What the task asks:
The output should be every line below, retyped exactly, with no images.

(Saved data entries)
== Segment start ==

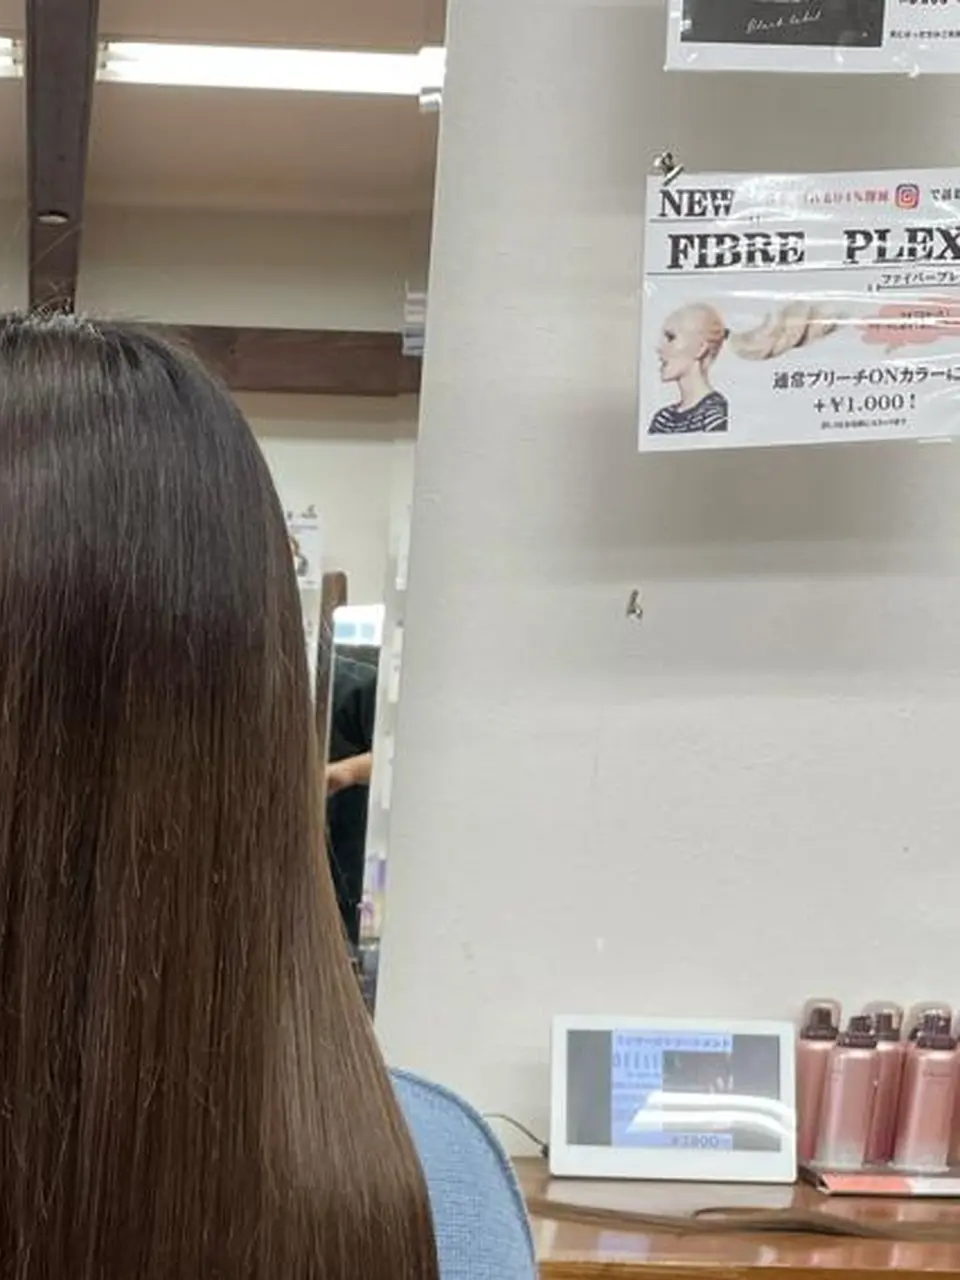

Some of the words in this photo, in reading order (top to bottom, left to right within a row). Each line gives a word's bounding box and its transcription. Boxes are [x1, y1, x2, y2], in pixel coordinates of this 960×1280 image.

[658, 188, 735, 217] NEW
[666, 231, 805, 269] FIBRE
[842, 226, 960, 265] PLEX
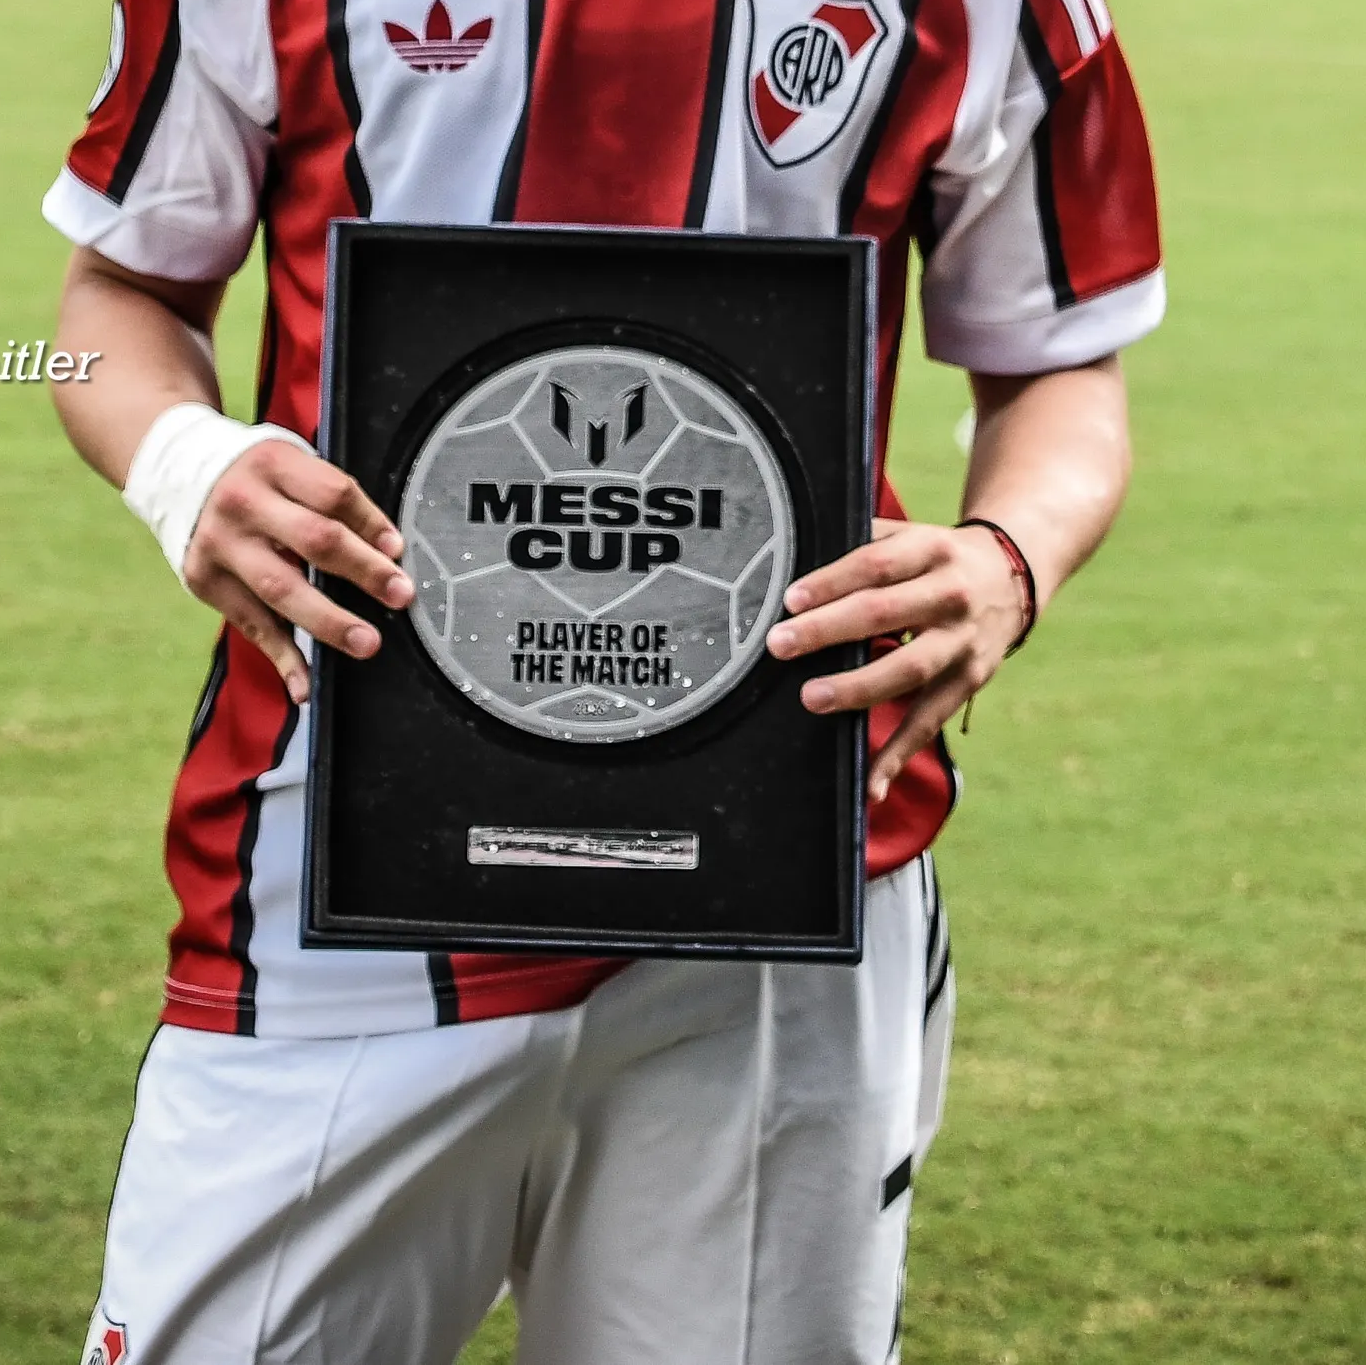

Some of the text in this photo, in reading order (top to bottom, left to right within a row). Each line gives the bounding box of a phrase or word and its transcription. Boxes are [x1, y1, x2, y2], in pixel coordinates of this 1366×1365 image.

[467, 482, 723, 529] MESSI
[509, 528, 680, 572] CUP
[516, 621, 669, 653] PLAYER OF
[510, 653, 672, 686] THE MATCH
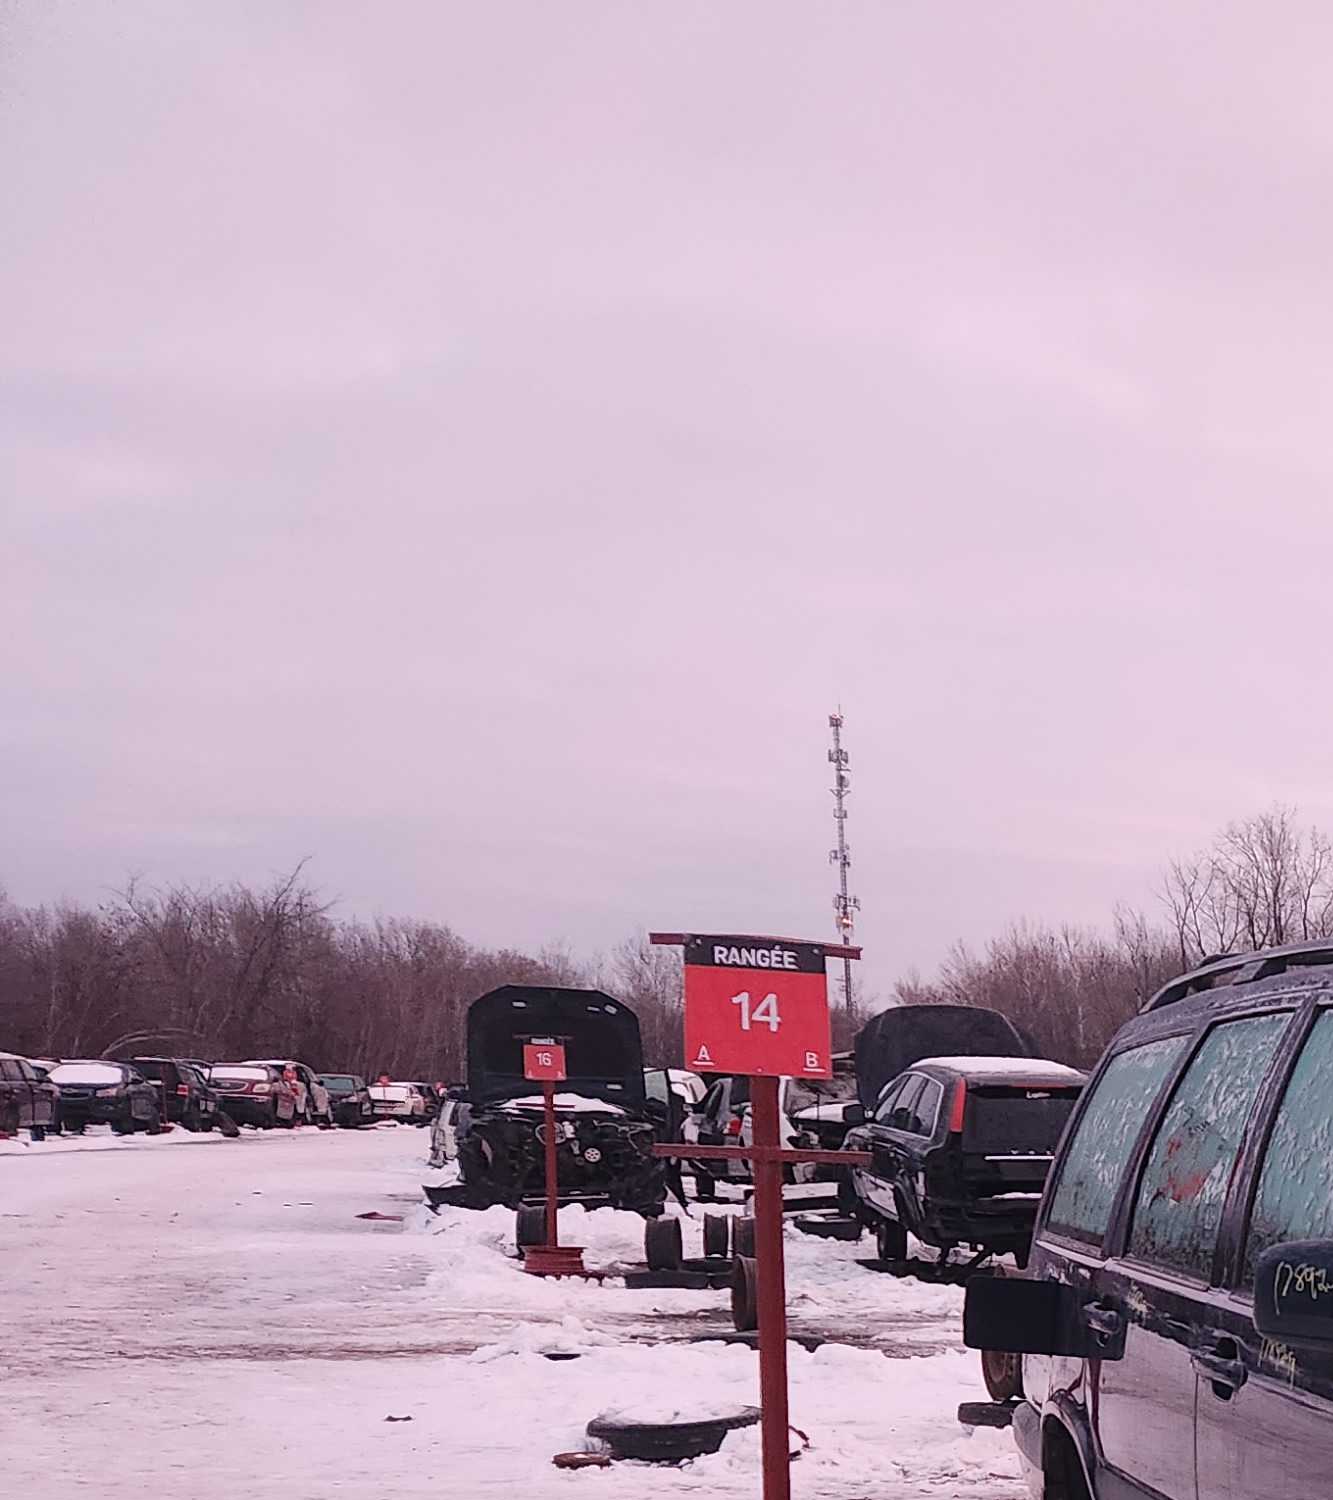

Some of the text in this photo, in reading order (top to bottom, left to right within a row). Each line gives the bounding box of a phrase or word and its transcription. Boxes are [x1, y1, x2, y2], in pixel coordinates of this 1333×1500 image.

== Segment end ==

Final answer:
Some of the words in this photo, in reading order (top to bottom, left to right within a row). Each line gives a word's bounding box and its transcription. Boxes are [x1, y1, x2, y2], in pixel coordinates of this 960×1280 image.

[658, 188, 735, 217] NEW
[666, 231, 805, 269] FIBRE
[842, 226, 960, 265] PLEX

Some of the text in this photo, in reading order (top to bottom, left to right within a row). Each line gives the bounding box of a phrase or word and its transcription. Boxes are [x1, y1, x2, y2], in pixel coordinates of this 1366×1365 image.

[467, 482, 723, 529] MESSI
[509, 528, 680, 572] CUP
[516, 621, 669, 653] PLAYER OF
[510, 653, 672, 686] THE MATCH

Some of the text in this photo, in reading order (top to bottom, left to right within a row). Each line gives the bounding box of a phrase or word and its transcription. Boxes are [x1, y1, x2, y2], in pixel coordinates of this 1333×1500 image.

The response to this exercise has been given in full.